Chambers has continued to build up a portfolio of period roles, more recently finding himself transported to 1950s settings as Inspector Sullivan in the BBC detective show Father Brown, and as Phil Davis in a stage adaptation of another Irving Berlin musical, White Christmas.

“I often used to think I was born in the wrong generation because I find it quite hard to be cool or trendy or modern. I used to watch those matinee idol films when I was younger and just really relate to them. For me, people like Jimmy Stewart, Cary Grant, Fred Astaire and Gene Kelly were all the greats. They have such class and style. Of course, it's a bit romantic because I know that if you actually did live in the 1930s it would have been dire because of the Great Depression and everything else. Probably a lot of that glamour is trying to make people feel good because things were so bad.”

But while he may be comfortable in a top hat, white tie and tails and happy to be performing to live audiences again, he remains grateful of the opportunities that shows like Strictly, Holby City and Waterloo Road have offered him.

“At one time I was doing nothing but plays, but that was back before I got a professional acting job. I've done musicals and TV, but it's now been over ten years since I've done a play, so it feels like new territory all of a sudden, which is exciting but also a bit nerve-wracking. After spending six years as a lorry driver, pizza delivery man, window cleaner, caretaker and barman, I’m intensely aware that it's thanks to things like Strictly and Holby that I'm now able to do these theatre parts. That audition for Holby City completely changed my life overnight. Suddenly, I had a professional job that I was actually able to pay bills from.”

This year, fans of Holby City will be able to see him reprise his role as Sam Strachan in the show's sister series, Casualty - though how long his storyline will be, you'll just have to wait to find out.

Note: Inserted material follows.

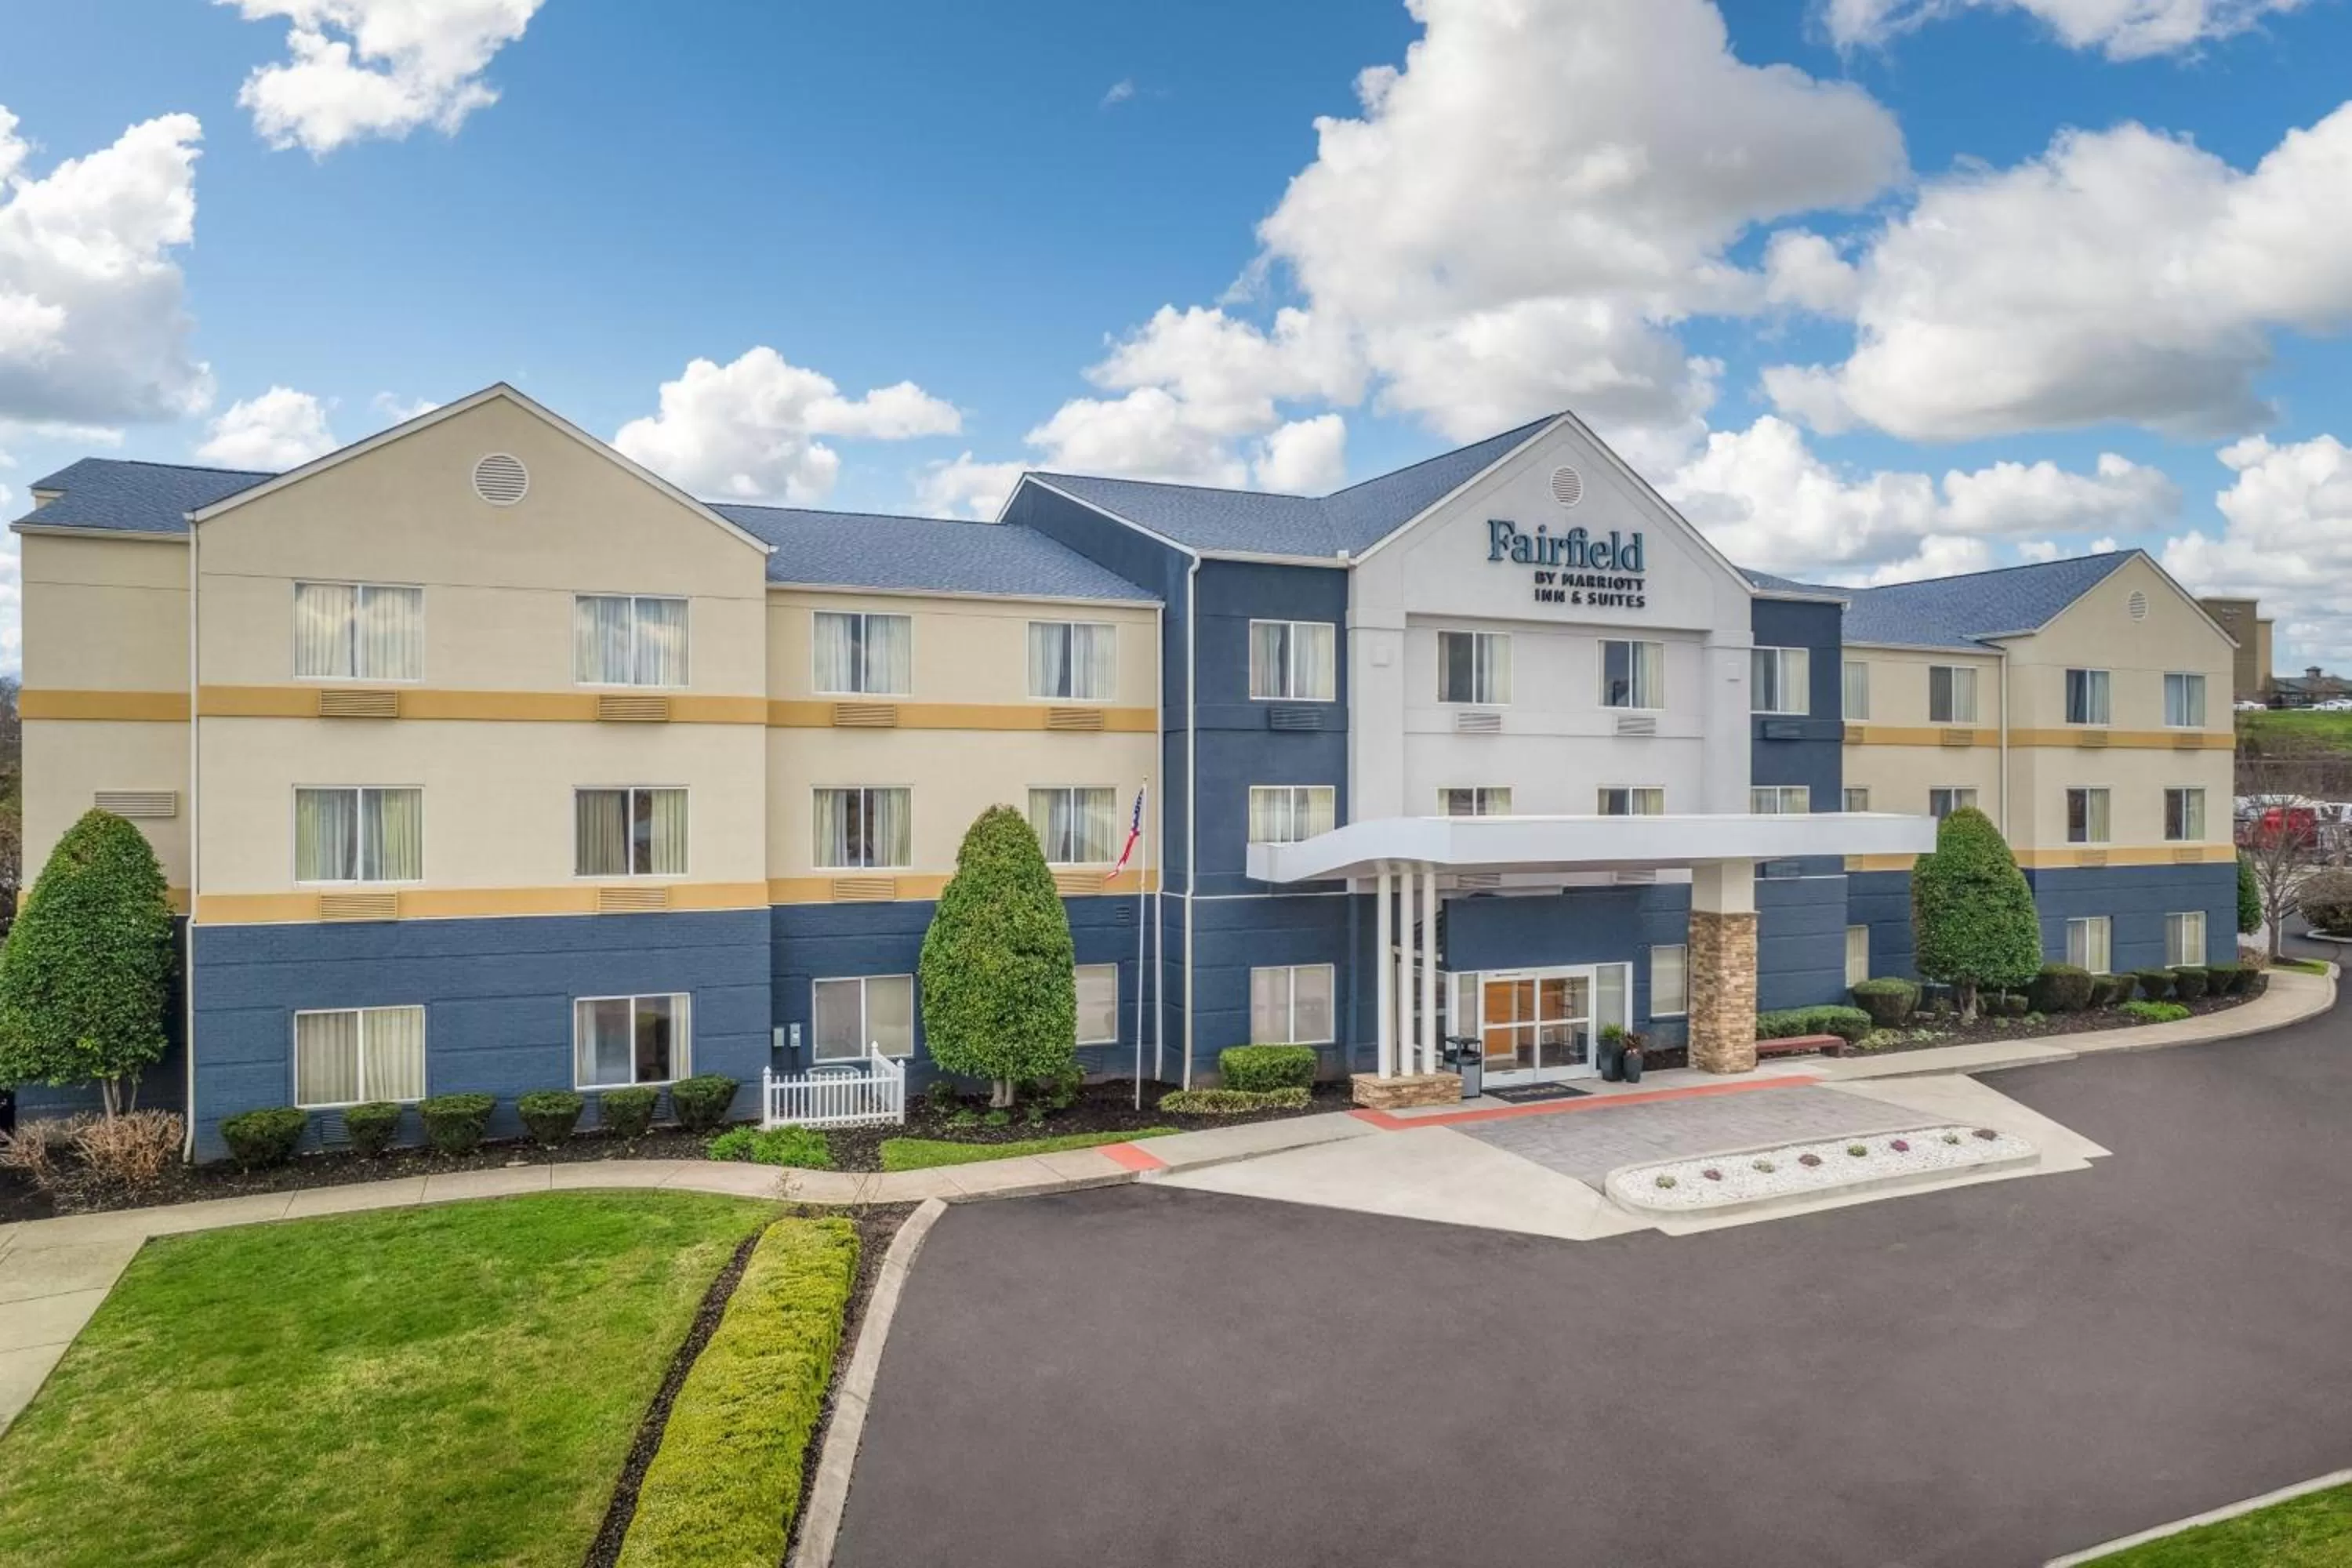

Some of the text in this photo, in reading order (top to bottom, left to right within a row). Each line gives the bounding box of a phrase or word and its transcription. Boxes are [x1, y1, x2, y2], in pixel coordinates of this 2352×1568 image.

[1487, 519, 1646, 572] Fairfield
[1534, 571, 1646, 591] BY MARRIOTT
[1534, 589, 1646, 608] INN & SUITES

Asked what lessons experience has taught him that might benefit aspiring actors now struggling to break through, he suggests that young performers should get creative and start developing projects of their own. “There are so many amazing, talented actors and performers out in the world, but because there's so much competition, it's not really about talent so much as persistence,” he says. “I should have had the courage to find something I felt passionately enough about to record sooner, but it took me a long time to get to that because I always just thought that I was at the mercy of the industry, rather than taking things into my own hands. Working on your own material is good for your soul, and it's so easy to put things out there now - you can just upload them onto YouTube and get discovered that way.”